Este não foi simplesmente o resultado “automático” da arquitetura defeituosa da união monetária. Pelo contrário, a “crise da dívida soberana” europeia de 2009-2012 foi em grande parte “projetada” pelo BCE (e pela Alemanha) para impor uma nova ordem no continente. Na verdade, o antigo presidente do BCE, Jean-Claude Trichet, não escondeu o fato de que a sua recusa em apoiar os mercados de obrigações públicas na primeira fase da crise financeira visava pressionar os governos da zona euro a consolidarem os seus orçamentos e a implementarem “reformas estruturais”. Mas o BCE foi então mais longe, recorrendo a várias formas de chantagem financeira e monetária – sobretudo na Irlanda, Grécia e Itália – com o objetivo de coagir os governos a cumprir a agenda político-econômica global da UE.
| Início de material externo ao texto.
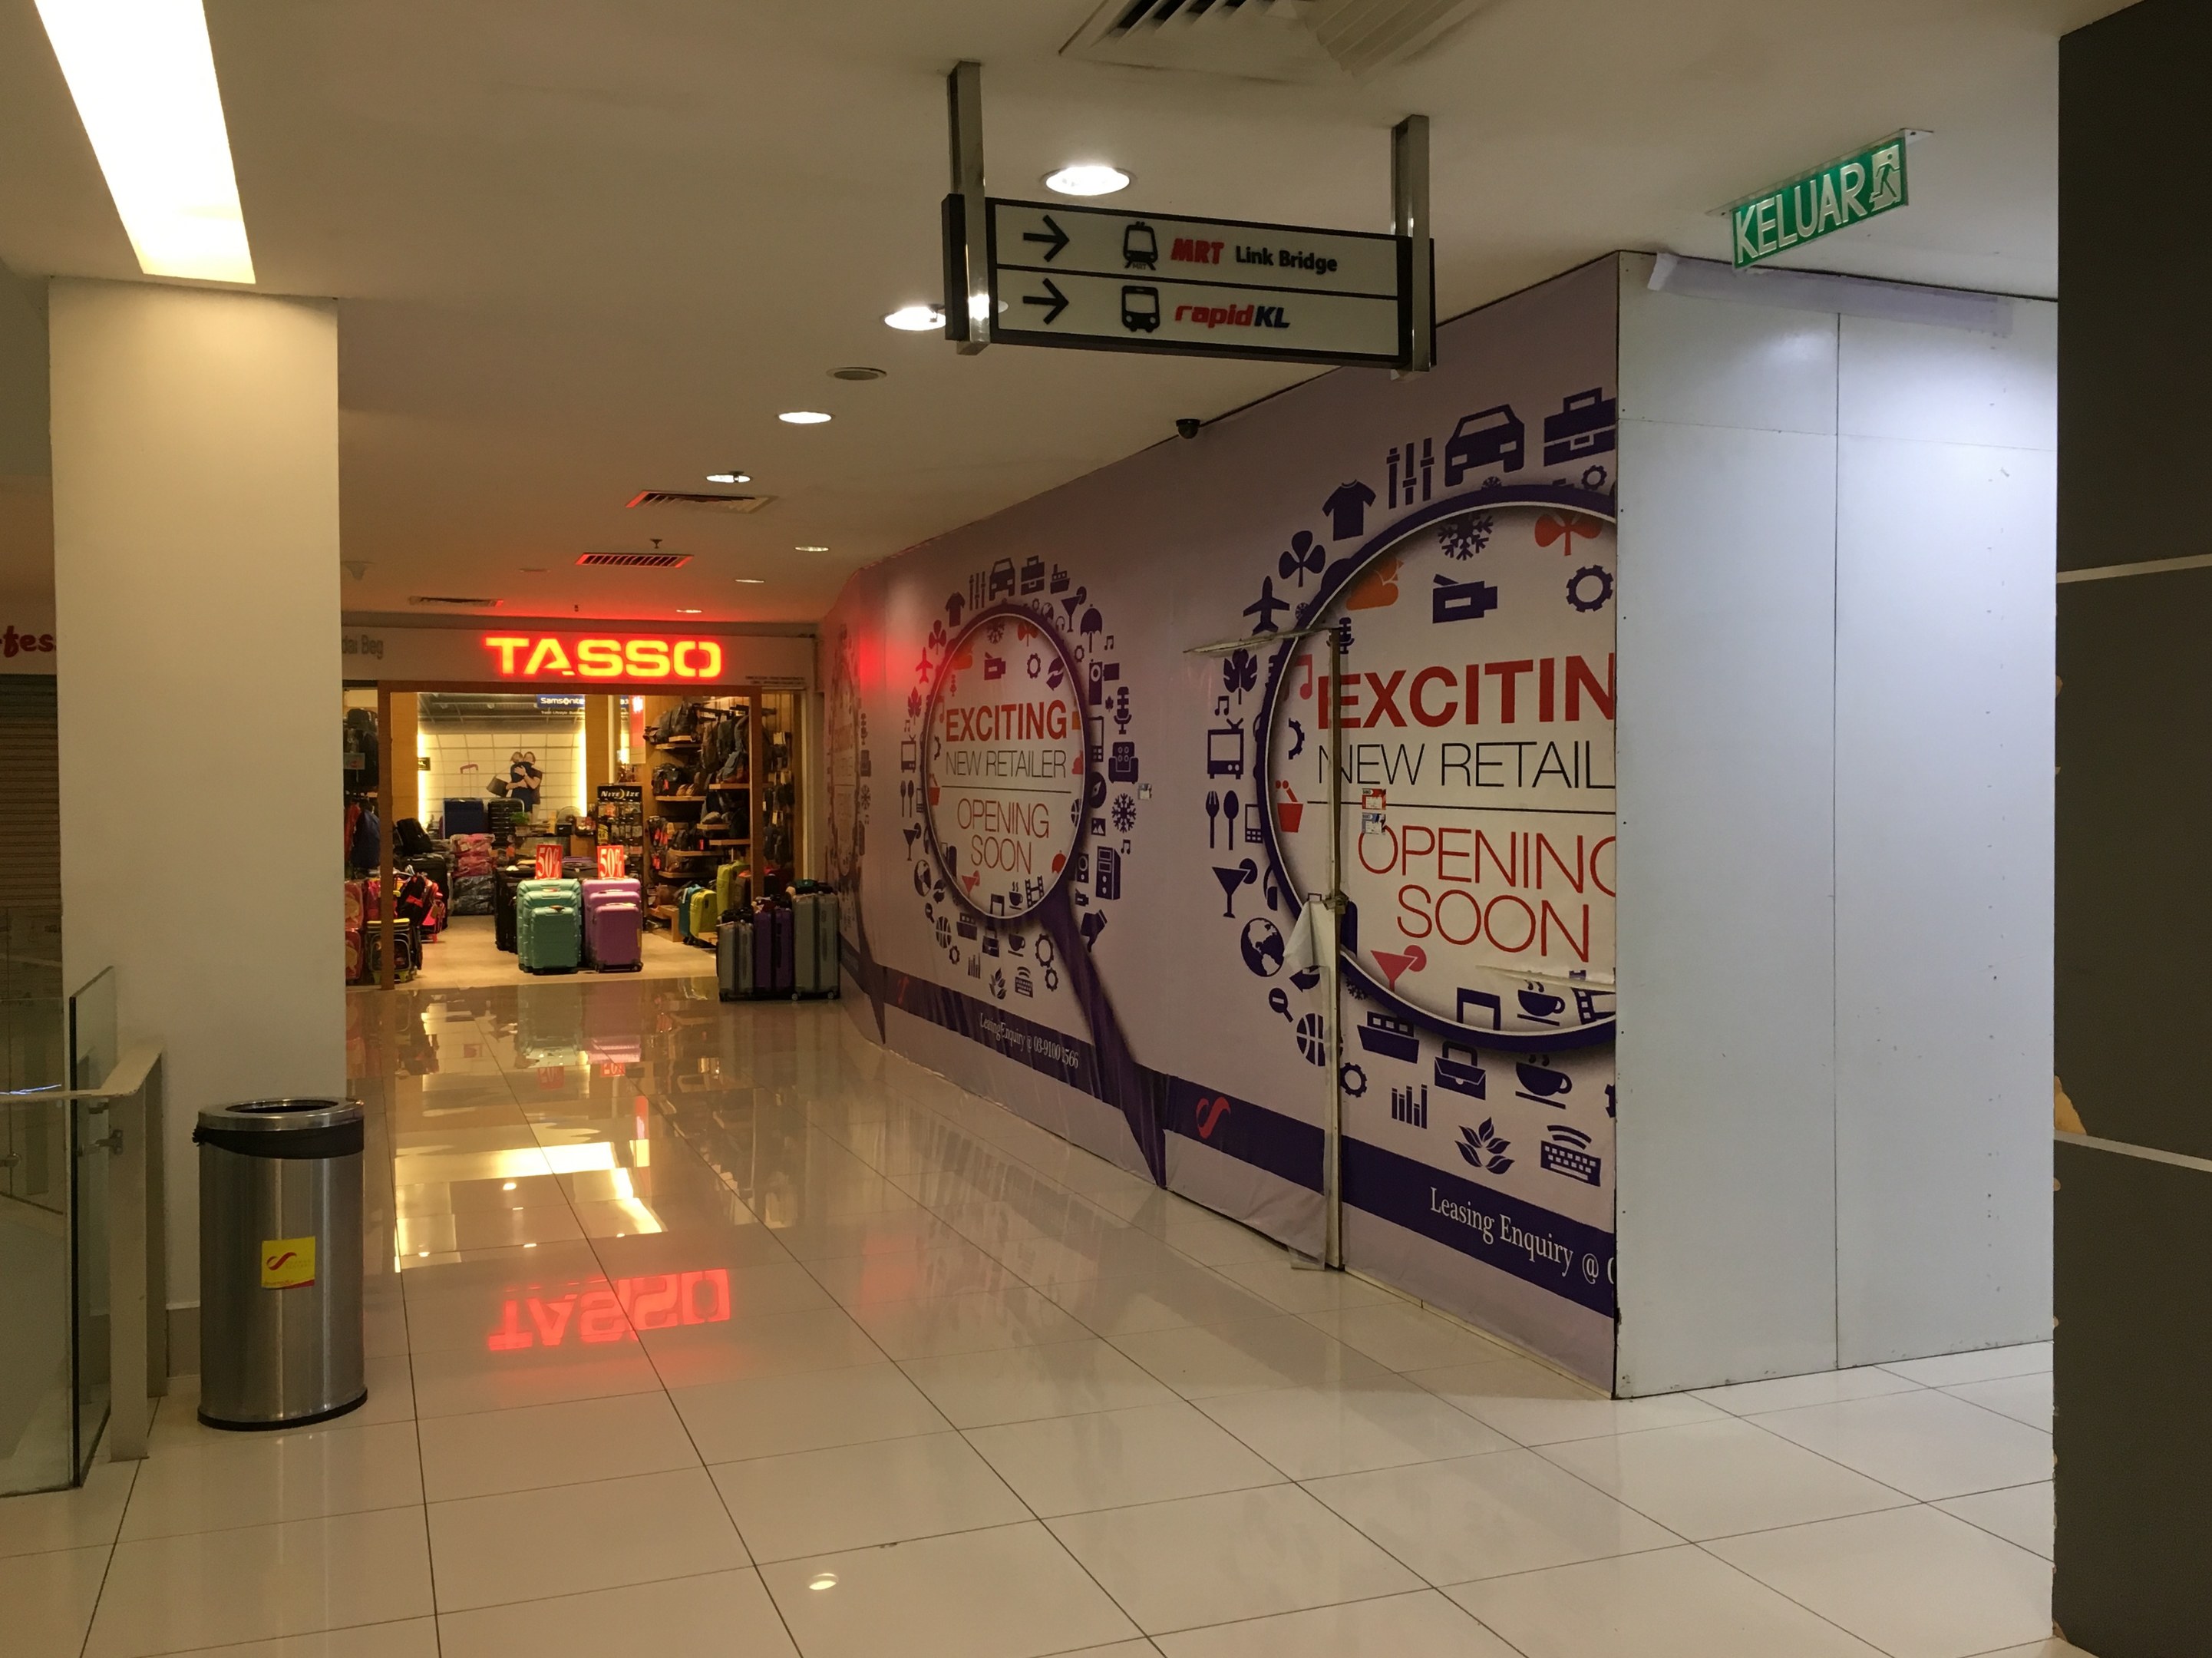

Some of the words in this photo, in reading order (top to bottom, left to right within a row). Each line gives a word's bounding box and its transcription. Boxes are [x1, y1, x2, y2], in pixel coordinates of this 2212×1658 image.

[1735, 162, 1868, 263] KELUAR
[1170, 238, 1224, 265] MRT
[1236, 246, 1274, 266] Link
[1279, 249, 1337, 275] Bridge
[1175, 304, 1291, 329] rapidKL
[362, 634, 384, 660] Beg
[484, 636, 722, 679] TASSO
[540, 697, 585, 705] Samsonite
[946, 699, 1067, 742] EXCITING
[946, 751, 982, 776] NEW
[986, 750, 1067, 778] RETAILER
[1319, 744, 1425, 785] NEW
[957, 798, 1049, 838] OPENING
[538, 847, 560, 877] 50%
[600, 848, 622, 877] 50%
[971, 834, 1032, 875] SOON
[1397, 884, 1589, 963] SOON
[1430, 1187, 1495, 1245] Leasing
[1500, 1214, 1573, 1277] Enquiry
[1582, 1253, 1600, 1285] @
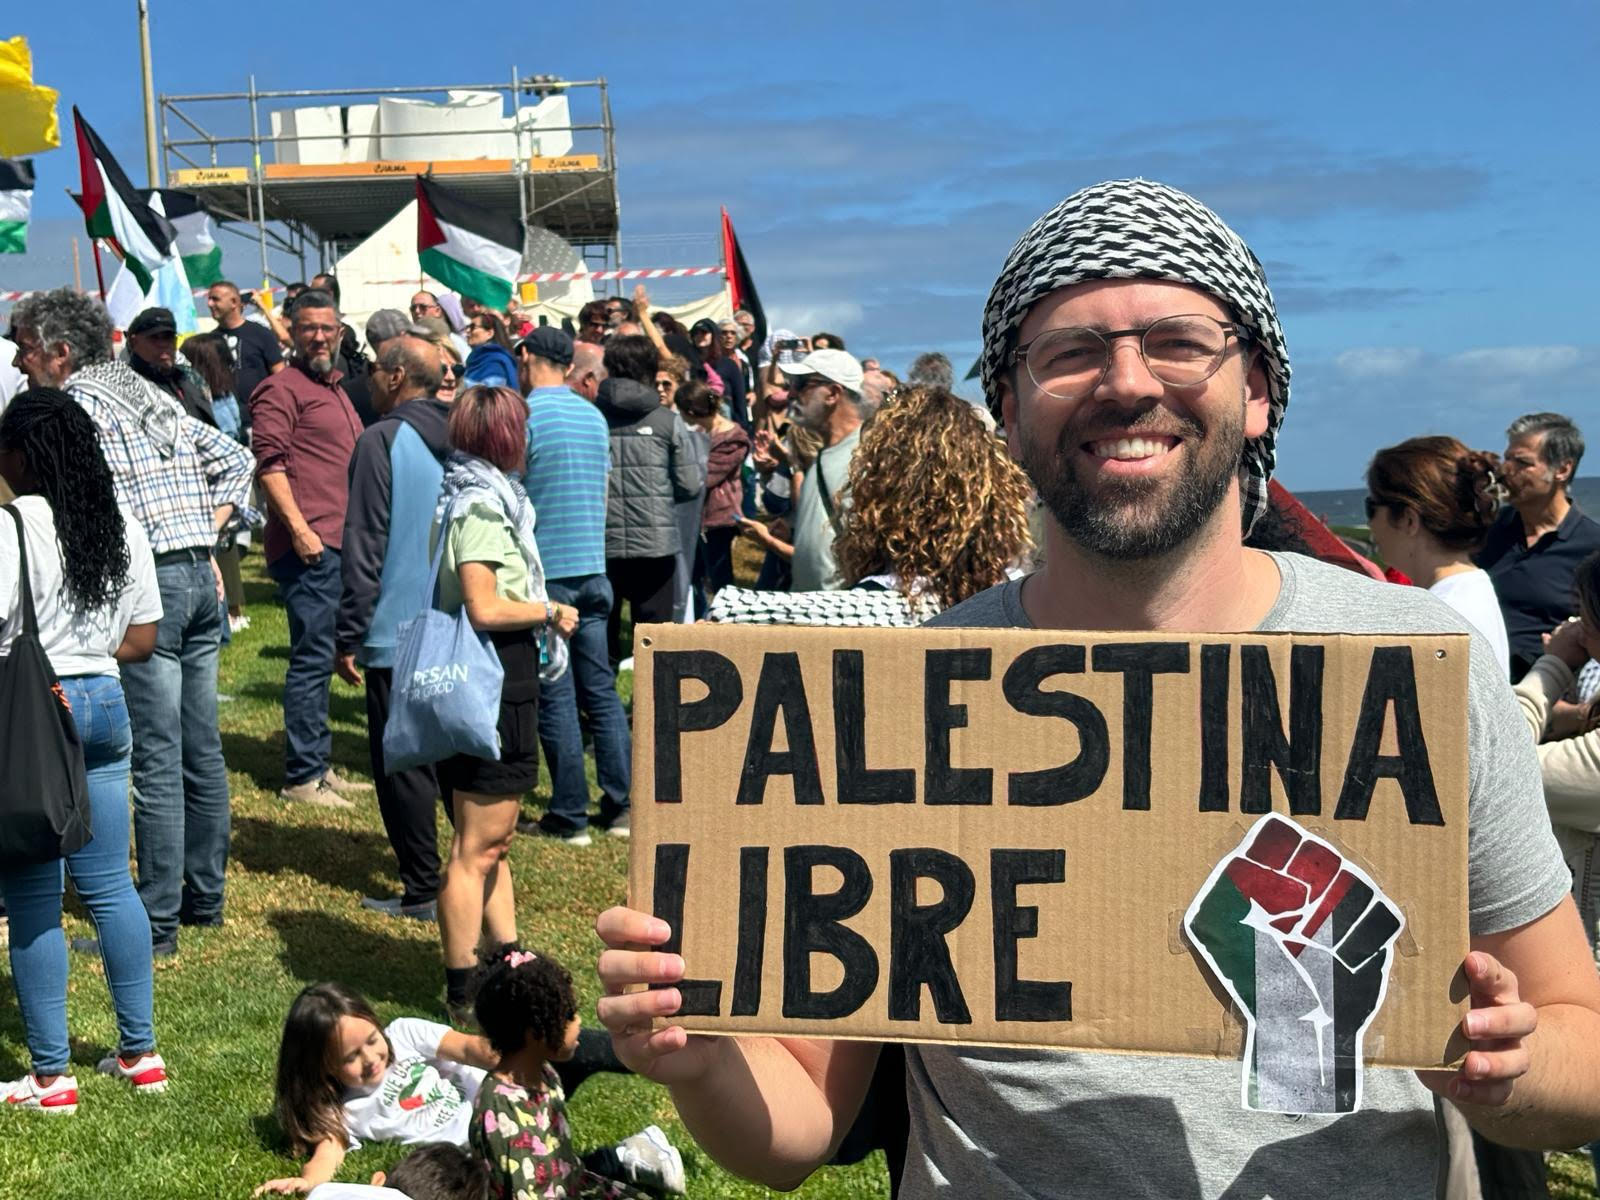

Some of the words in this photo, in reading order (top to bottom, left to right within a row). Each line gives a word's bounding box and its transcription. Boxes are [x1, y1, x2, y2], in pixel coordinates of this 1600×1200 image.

[423, 681, 455, 697] GOOD
[653, 642, 1446, 826] PALESTINA
[649, 844, 1073, 1025] LIBRE
[382, 1079, 403, 1107] SAVE
Neste sentido, poderíamos dizer que a crise do euro foi simultaneamente um desastre econômico e um sucesso político para as elites político-financeiras da Europa. Afinal, permitiu-lhes reestruturar e reestruturar radicalmente as sociedades e economias europeias segundo linhas mais favoráveis ao capital, criando ao mesmo tempo uma das maiores transferências ascendentes de riqueza da história – tudo em nome das realidades alegadamente inevitáveis do euro.
Desde então, pouco mudou em termos do funcionamento interno da união monetária. Até mesmo a suspensão temporária das regras orçamentais da UE durante a pandemia está em processo de redução; uma versão reformulada, mas fundamentalmente inalterada, do quadro fiscal da UE deverá voltar a vigorar este ano, significando o regresso da austeridade ao continente. O fato de a Alemanha ter caído em desgraça no processo, passando de hegemonia europeia incontestada a vassalo-chefe americano, é uma das grandes ironias da última década.
No entanto, quando as elites europeias dizem que o euro foi um sucesso, estão involuntariamente a revelar uma verdade. Da perspectiva deles, sem dúvida sim; e o seu maior sucesso foi, sem dúvida, convencer toda a gente de que não há alternativa. Parafraseando Mark Fisher, é mais fácil imaginar o fim do mundo do que o fim do euro.
Thomas Fazi é colunista e tradutor do UnHerd . Seu último livro é The Covid Consensus , em coautoria com Toby Green.